Their proposals for next spring/summer were made available to the media through photographs that appeared to be Photoshop (PSD) files with the background removed (which would normally be viewable as a PNG or GIF file to the non-Photoshop user), but the model and clothes in full 2-D glory. The collection purportedly questions the relationship between man and machine, and some how the 1999 film The Matrix was thrown by the brand and its commentators into the mix. The tech talk and how “wires have become the only way for us to stay connected to the outside world and the reality we live in”, as posited in the PR notes, all seem to play up what would otherwise be the usual Vetements design tropes. A Vetements fan wouldn’t care to ask, as Guram Gvasalia did: “Are we becoming wires ourselves?” As long as there are those exaggerated shoulders and, for some, the body-obscurity shapes, the brand can do no wrong. Or, alienate fans.

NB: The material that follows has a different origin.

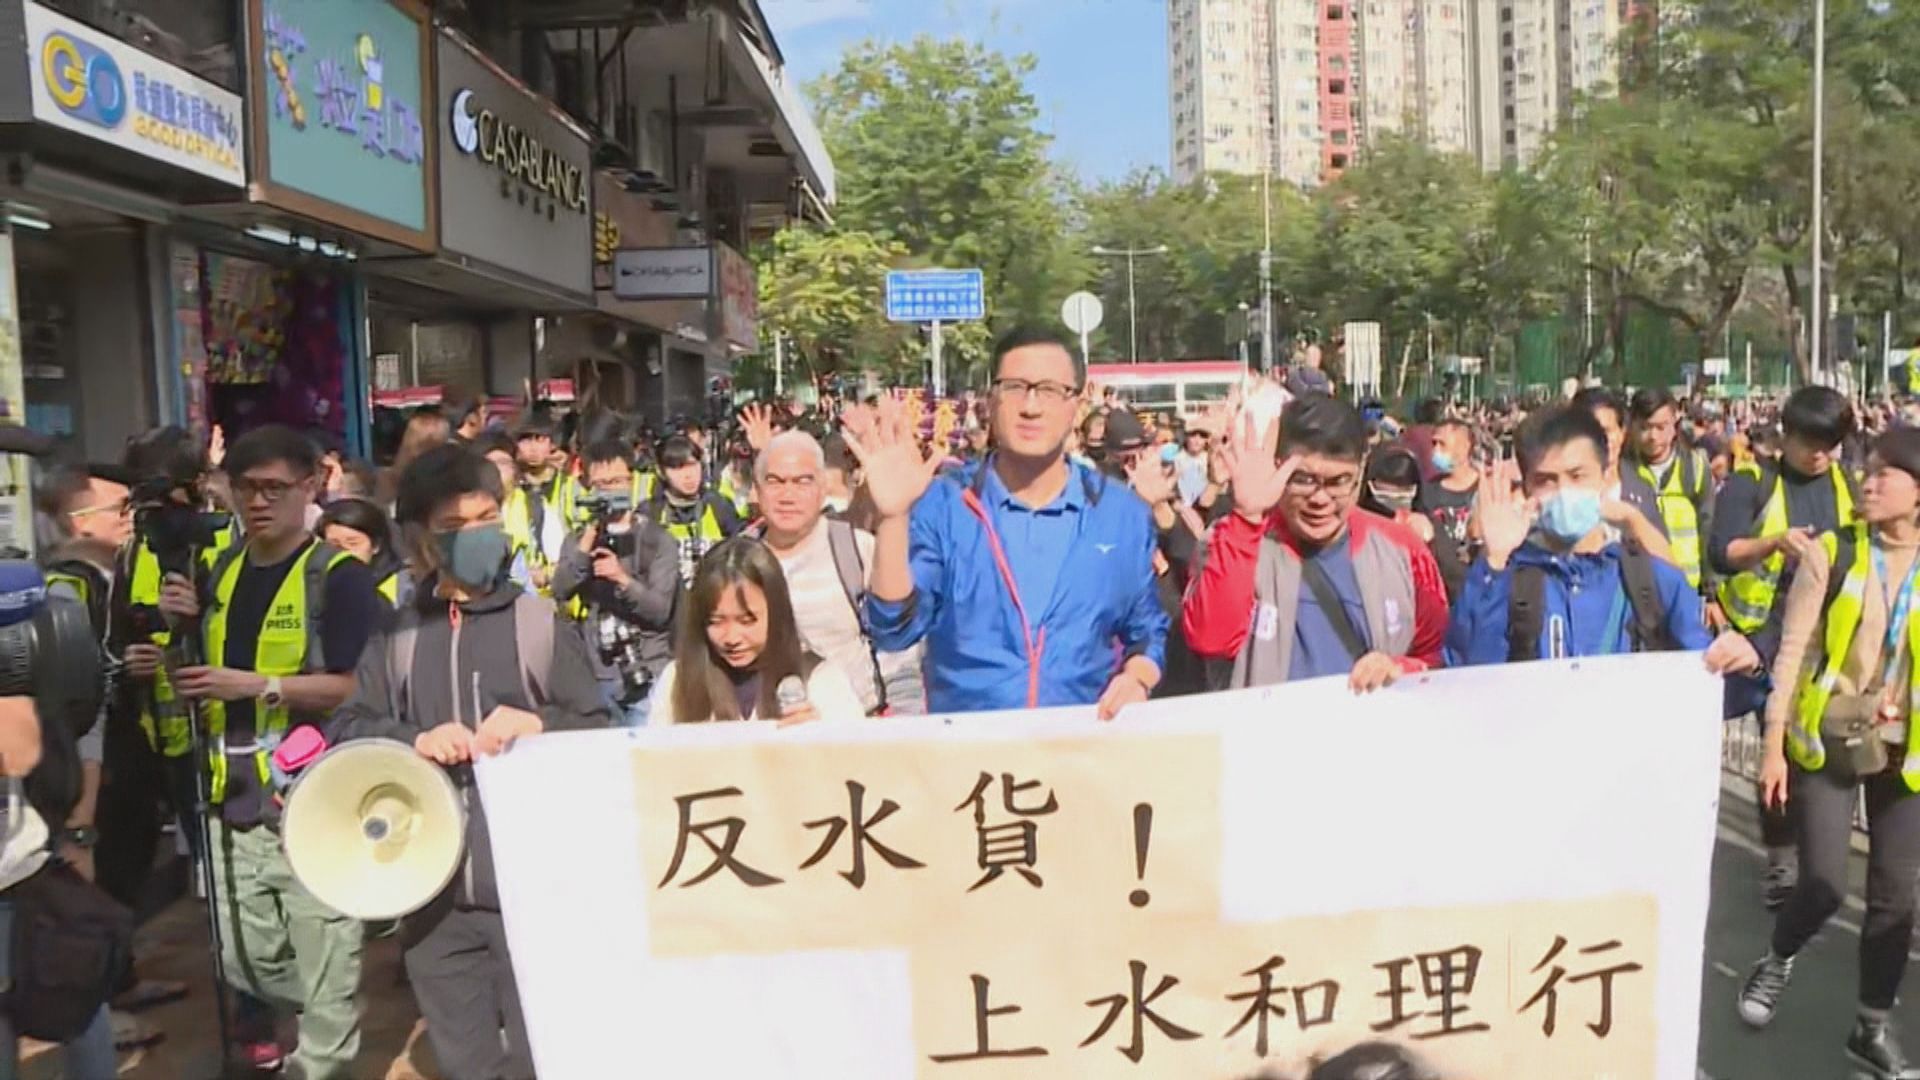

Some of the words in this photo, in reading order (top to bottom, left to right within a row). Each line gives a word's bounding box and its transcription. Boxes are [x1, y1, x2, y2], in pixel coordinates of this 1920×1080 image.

Vetements has become so good at pushing their unmistakable look that sometimes it seems that they are parodying themselves or—oddly—staying a step behind Balenciaga. Perhaps that should be ahead? It is easy to pin it to the Gvasalia brothers thinking alike, even when they are working separately and independently. But since the strange call-out last September by Vetements that hinted at Balenciaga copying the former (followed by the unambiguous message, “WTF”), we can’t be sure if the aesthetical parallel is coincidental or the leftover from sibling collaboration that was once deep and seriously trend-setting. Even in pandemic-defining times, there is no stepping away from the goofy, the geeky, and grandma goon. Vetements continues to draw out the odd-balls among their adopters, who all seem to prefer the fringes of what is already on the periphery of fashion. Ugly, once associated with the brand, now does not matter, or is seen as such. Take the cheesy and the beat-up and throw in a dash of the sheen of luxury and you can make the unseemly in appearance the LV for the flashy.

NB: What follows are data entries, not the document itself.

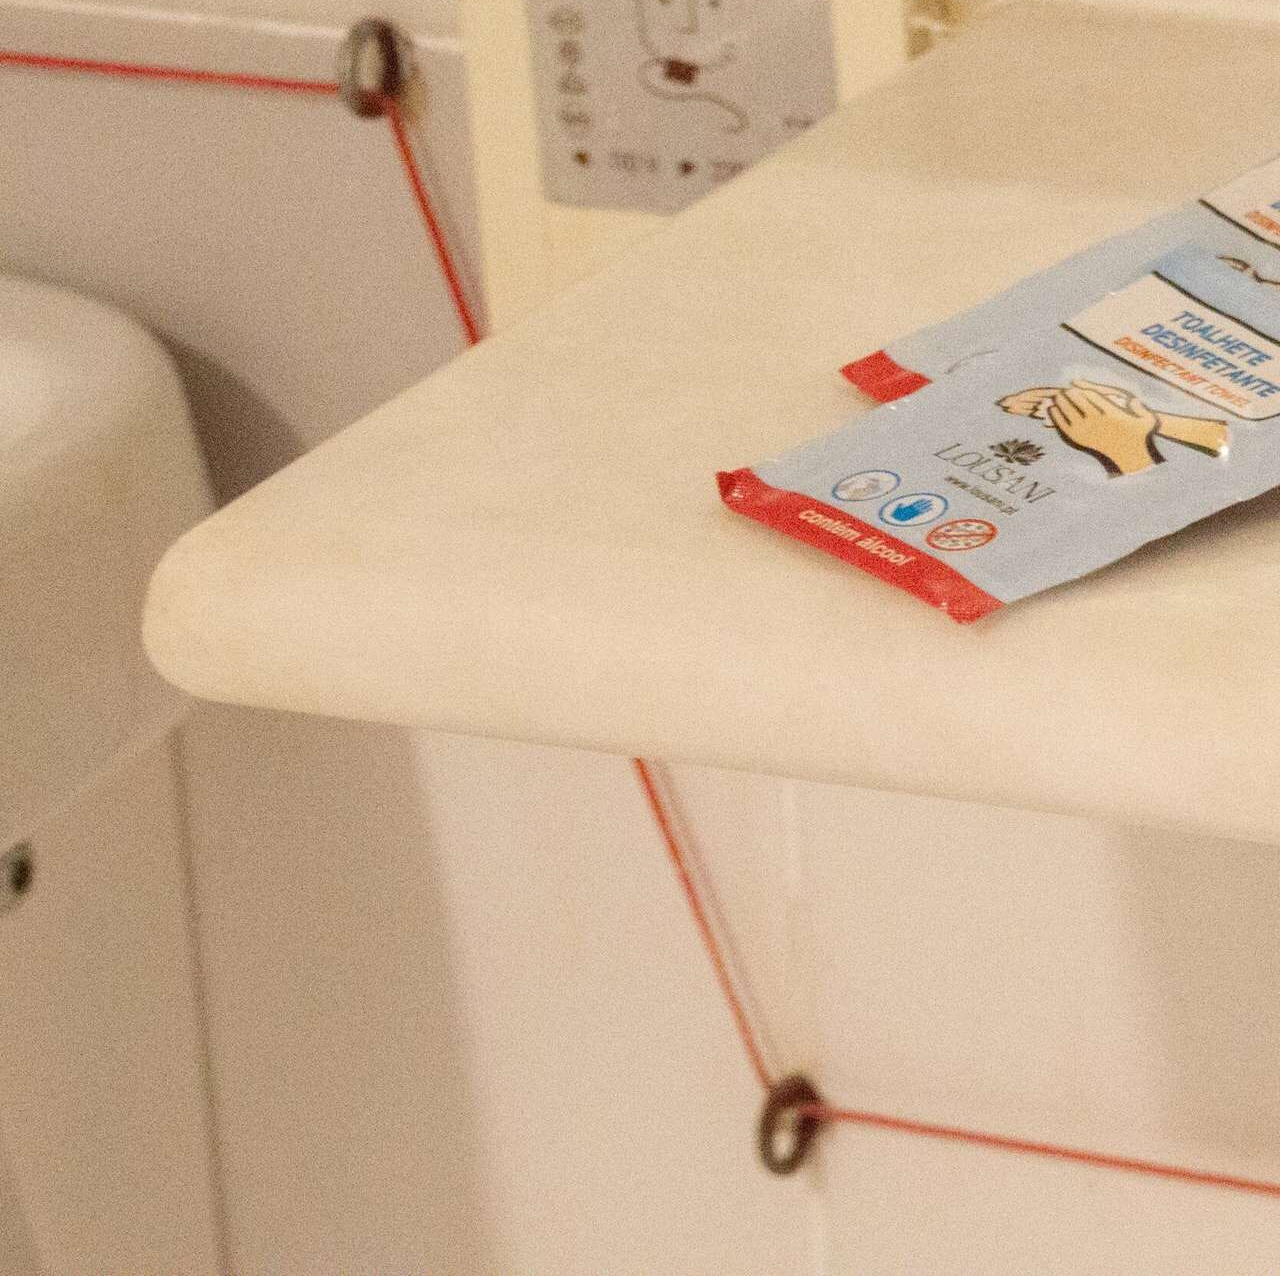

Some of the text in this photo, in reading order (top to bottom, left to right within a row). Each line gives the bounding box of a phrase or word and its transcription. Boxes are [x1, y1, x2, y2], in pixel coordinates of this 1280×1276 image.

[1170, 310, 1272, 366] TOALHETE
[1114, 336, 1251, 408] DISINFECTANT TOWEL
[932, 442, 1057, 503] LOUSANI
[797, 509, 916, 566] contém álcool
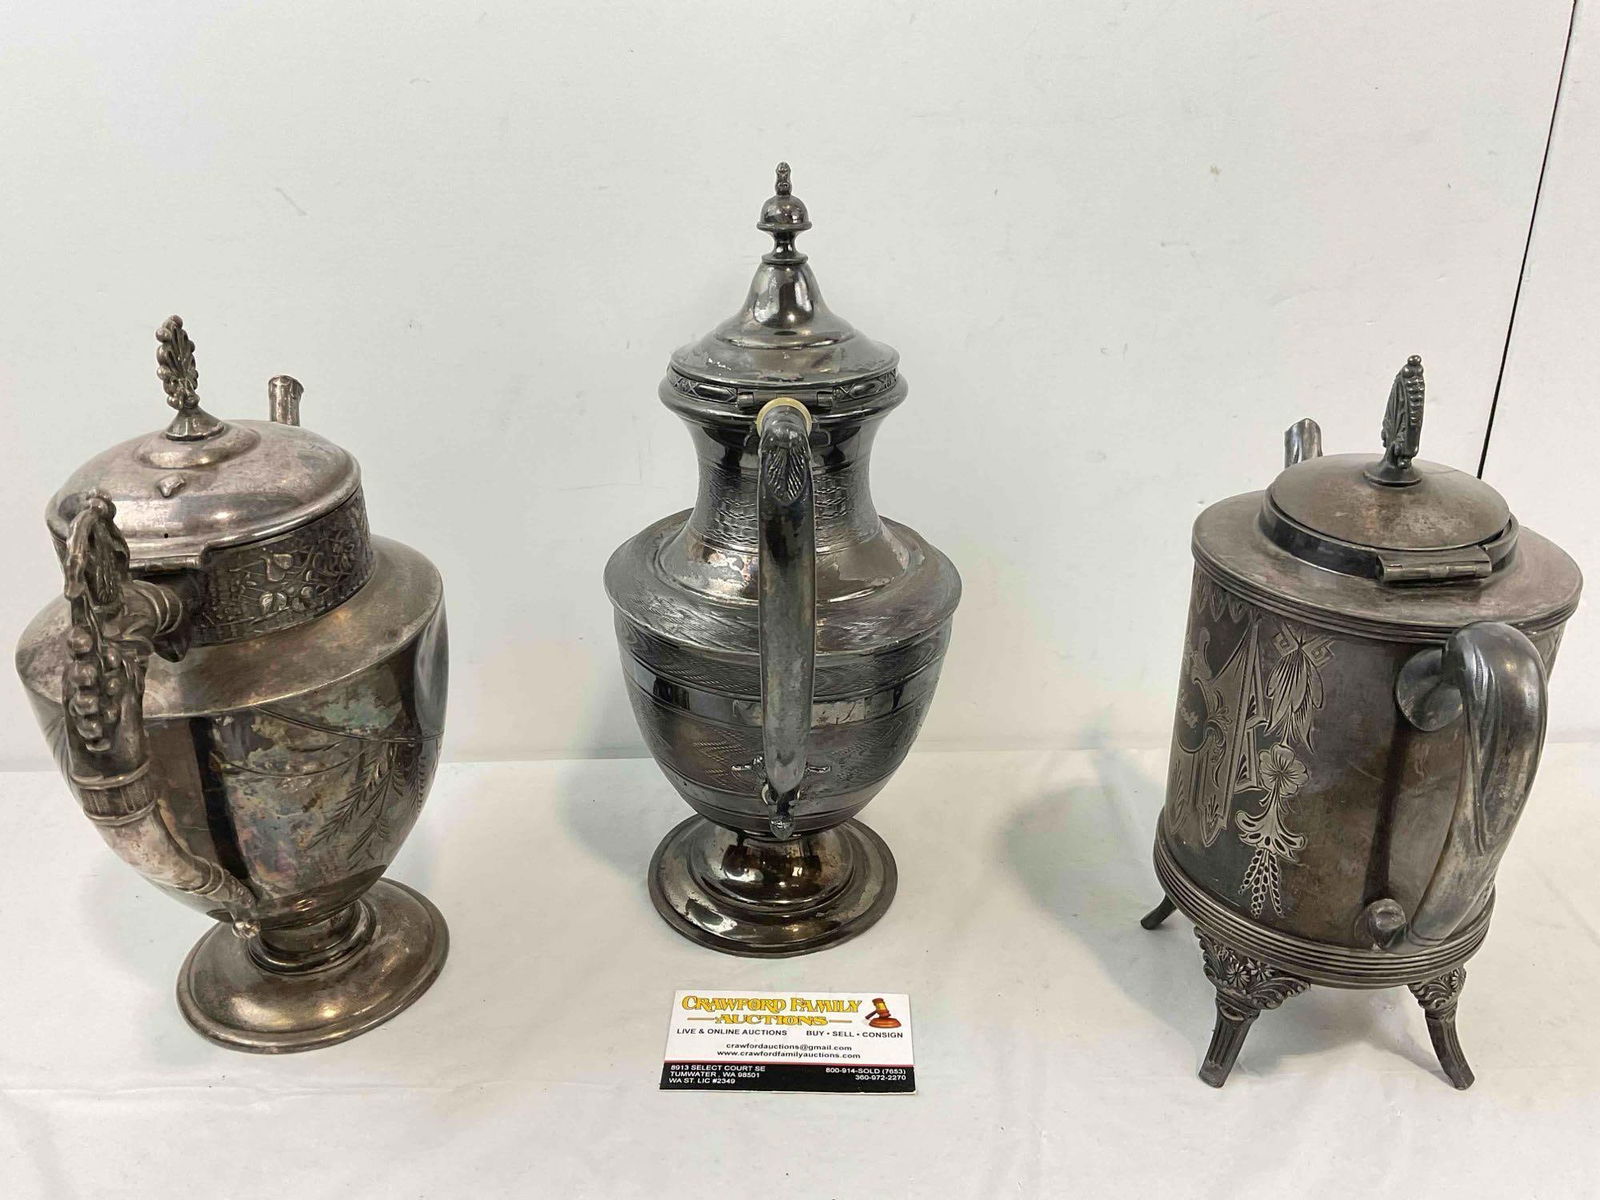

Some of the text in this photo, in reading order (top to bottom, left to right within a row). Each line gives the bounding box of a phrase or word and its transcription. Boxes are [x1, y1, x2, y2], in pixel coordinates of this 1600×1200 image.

[682, 995, 862, 1013] CRAWFORD FAMILY
[715, 1014, 829, 1026] AUCTIONS
[726, 1043, 852, 1051] crawfordauctions@gmail.com
[717, 1050, 861, 1059] www.crawfordfamilyauctions.com

These season, there are references to the big screen. And definitely technology-can-screw-us thrillers such as The Matrix, as seen in the fabric with the green alphabets and numerals that mirror the film’s title sequence. And it doesn’t end there. The homage-to-Vogue film of 2006, The Devil Wears Prada is also in the line-up (as in ‘The Devil Doesn’t Wear Prada’ T-shirts), but how that fits the whole us becoming wires spiel isn’t clear. At some point, we thought we saw something akin to what Tilda Swinton wore as the Ancient One in Doctor Strange. All the referring to films also points to other brands. If the devil doesn’t wear Prada, perhaps they wears Versace? Or, gold curlicues that would make Donatella Versace beam with pride? Does the devil wear gender-neutral clothes too? Slip tops, for example, are for both women and men. Or, is the devil just the middle-aged uncle who prefers baggy avuncular suits over a cropped top that shows off a middle-aged paunch? Whatever the devil wears, the devil’s ally Vetements is still fashion’s diabolical adversary.